RECORDS SHOWN: Begin

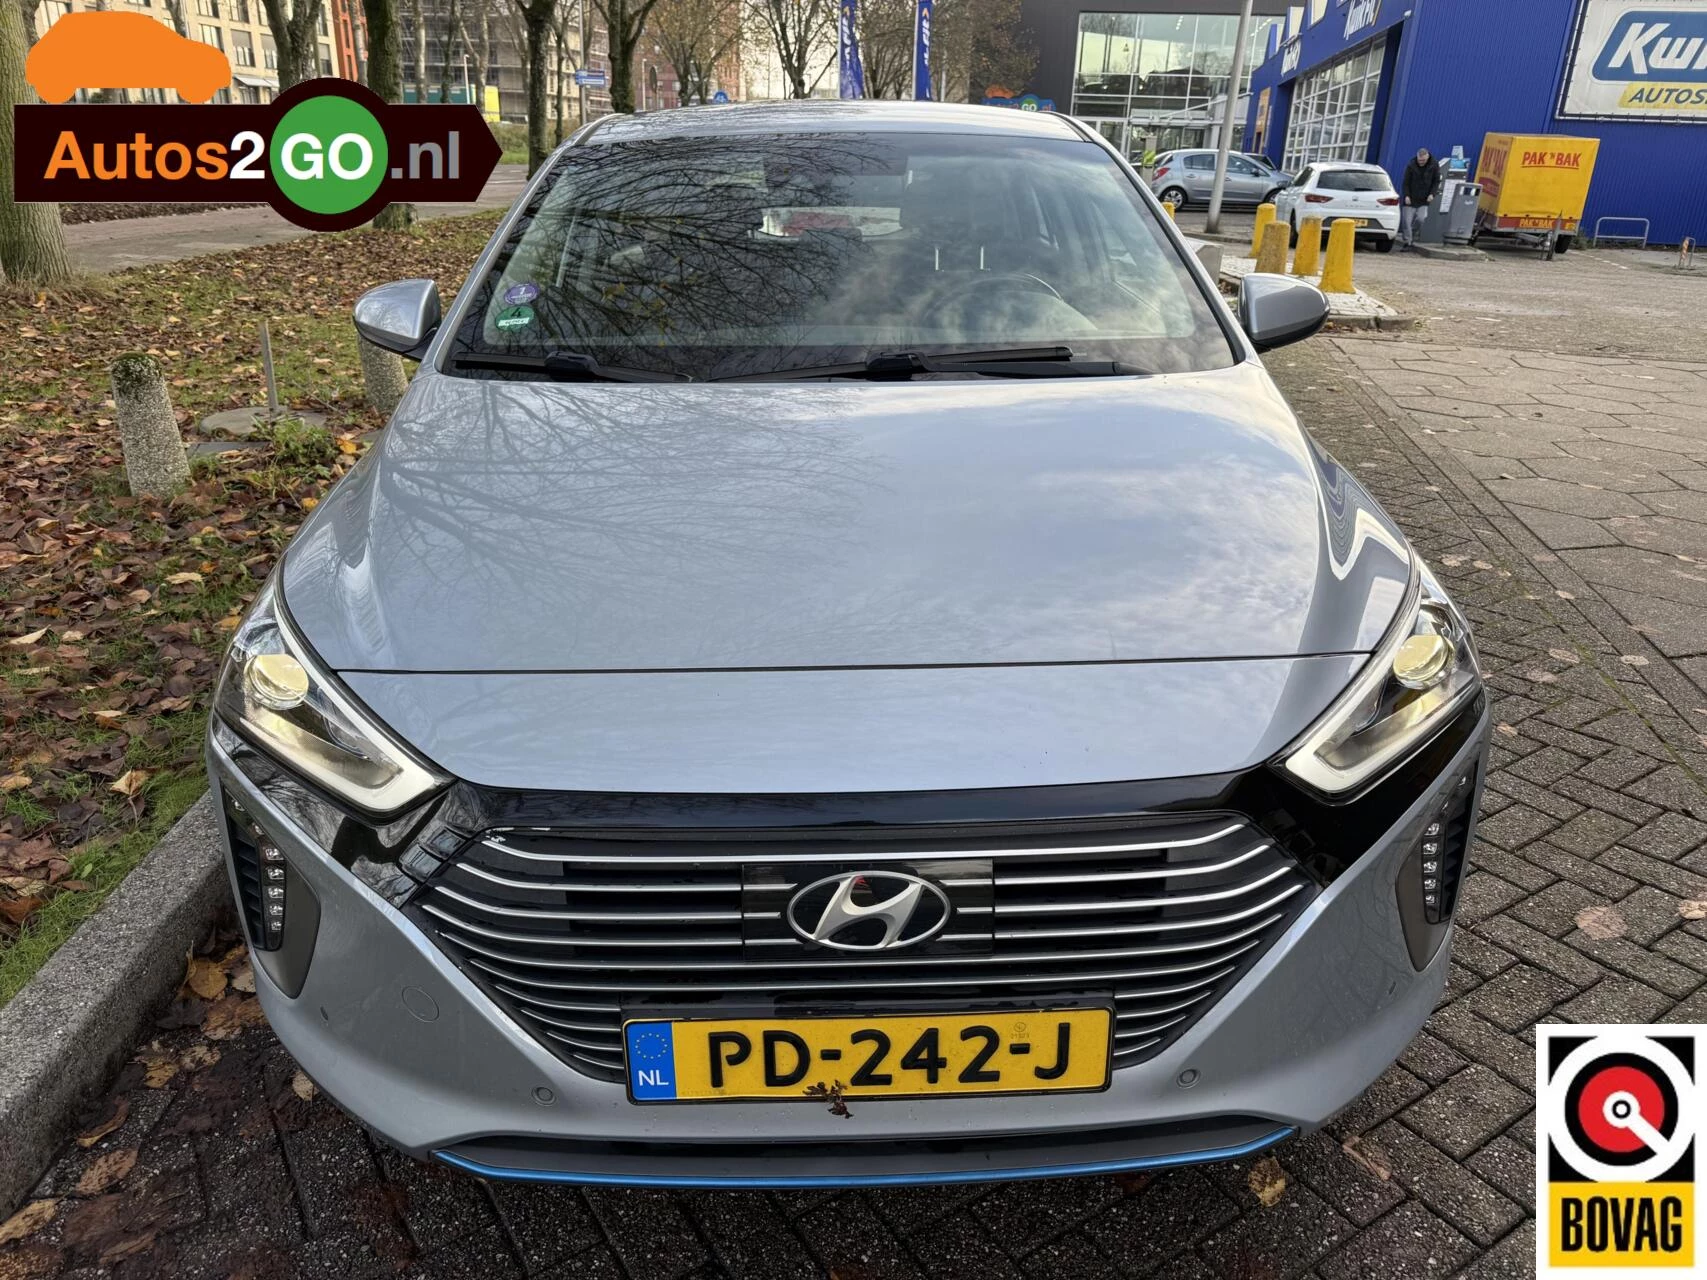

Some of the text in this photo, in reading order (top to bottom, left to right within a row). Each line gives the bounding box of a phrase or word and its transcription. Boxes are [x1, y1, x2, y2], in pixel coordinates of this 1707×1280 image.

[1628, 87, 1707, 104] AUTOS
[1522, 151, 1547, 165] PAK
[1555, 152, 1582, 167] BAK
[708, 1022, 1071, 1088] PD-242-J
[638, 1070, 669, 1087] NL

RECORDS SHOWN: End

_EXERCISE REQUIREMENTS:_
Each word of the data should be repeated exactly, and the pictures left out.

_RESPONSE TO THE EXERCISE:_
Some of the text in this photo, in reading order (top to bottom, left to right within a row). Each line gives the bounding box of a phrase or word and its transcription. Boxes are [x1, y1, x2, y2], in pixel coordinates of this 1707×1280 image.

[1628, 87, 1707, 104] AUTOS
[1522, 151, 1547, 165] PAK
[1555, 152, 1582, 167] BAK
[708, 1022, 1071, 1088] PD-242-J
[638, 1070, 669, 1087] NL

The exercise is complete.